# About this exercise
Every entry must be echoed exactly.

# Task data
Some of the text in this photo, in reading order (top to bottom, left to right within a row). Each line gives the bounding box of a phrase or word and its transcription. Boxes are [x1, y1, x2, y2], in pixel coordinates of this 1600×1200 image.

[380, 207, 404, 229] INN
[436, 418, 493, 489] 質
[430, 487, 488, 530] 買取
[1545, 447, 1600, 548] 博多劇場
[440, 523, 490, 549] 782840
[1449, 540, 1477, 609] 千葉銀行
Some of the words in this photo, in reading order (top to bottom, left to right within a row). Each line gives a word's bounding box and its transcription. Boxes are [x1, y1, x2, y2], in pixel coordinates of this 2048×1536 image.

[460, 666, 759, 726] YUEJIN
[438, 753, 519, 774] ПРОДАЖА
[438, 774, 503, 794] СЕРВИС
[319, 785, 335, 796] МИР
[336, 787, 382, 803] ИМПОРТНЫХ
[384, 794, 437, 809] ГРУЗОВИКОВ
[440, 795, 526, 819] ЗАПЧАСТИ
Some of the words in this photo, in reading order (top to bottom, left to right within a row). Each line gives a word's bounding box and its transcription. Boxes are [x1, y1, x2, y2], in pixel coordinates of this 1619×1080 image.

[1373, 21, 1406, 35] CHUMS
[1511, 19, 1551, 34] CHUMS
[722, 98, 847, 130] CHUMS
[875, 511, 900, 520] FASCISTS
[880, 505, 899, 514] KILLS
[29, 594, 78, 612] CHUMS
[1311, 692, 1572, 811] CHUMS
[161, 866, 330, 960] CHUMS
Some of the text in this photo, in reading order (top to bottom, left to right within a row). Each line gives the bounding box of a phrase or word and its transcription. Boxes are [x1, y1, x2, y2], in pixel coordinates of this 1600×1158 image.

# Task result
Some of the text in this photo, in reading order (top to bottom, left to right within a row). Each line gives the bounding box of a phrase or word and its transcription. Boxes are [x1, y1, x2, y2], in pixel coordinates of this 1600×1200 image.

[380, 207, 404, 229] INN
[436, 418, 493, 489] 質
[430, 487, 488, 530] 買取
[1545, 447, 1600, 548] 博多劇場
[440, 523, 490, 549] 782840
[1449, 540, 1477, 609] 千葉銀行
Some of the words in this photo, in reading order (top to bottom, left to right within a row). Each line gives a word's bounding box and its transcription. Boxes are [x1, y1, x2, y2], in pixel coordinates of this 2048×1536 image.

[460, 666, 759, 726] YUEJIN
[438, 753, 519, 774] ПРОДАЖА
[438, 774, 503, 794] СЕРВИС
[319, 785, 335, 796] МИР
[336, 787, 382, 803] ИМПОРТНЫХ
[384, 794, 437, 809] ГРУЗОВИКОВ
[440, 795, 526, 819] ЗАПЧАСТИ
Some of the words in this photo, in reading order (top to bottom, left to right within a row). Each line gives a word's bounding box and its transcription. Boxes are [x1, y1, x2, y2], in pixel coordinates of this 1619×1080 image.

[1373, 21, 1406, 35] CHUMS
[1511, 19, 1551, 34] CHUMS
[722, 98, 847, 130] CHUMS
[875, 511, 900, 520] FASCISTS
[880, 505, 899, 514] KILLS
[29, 594, 78, 612] CHUMS
[1311, 692, 1572, 811] CHUMS
[161, 866, 330, 960] CHUMS
Some of the text in this photo, in reading order (top to bottom, left to right within a row). Each line gives the bounding box of a phrase or word and its transcription. Boxes are [x1, y1, x2, y2], in pixel coordinates of this 1600×1158 image.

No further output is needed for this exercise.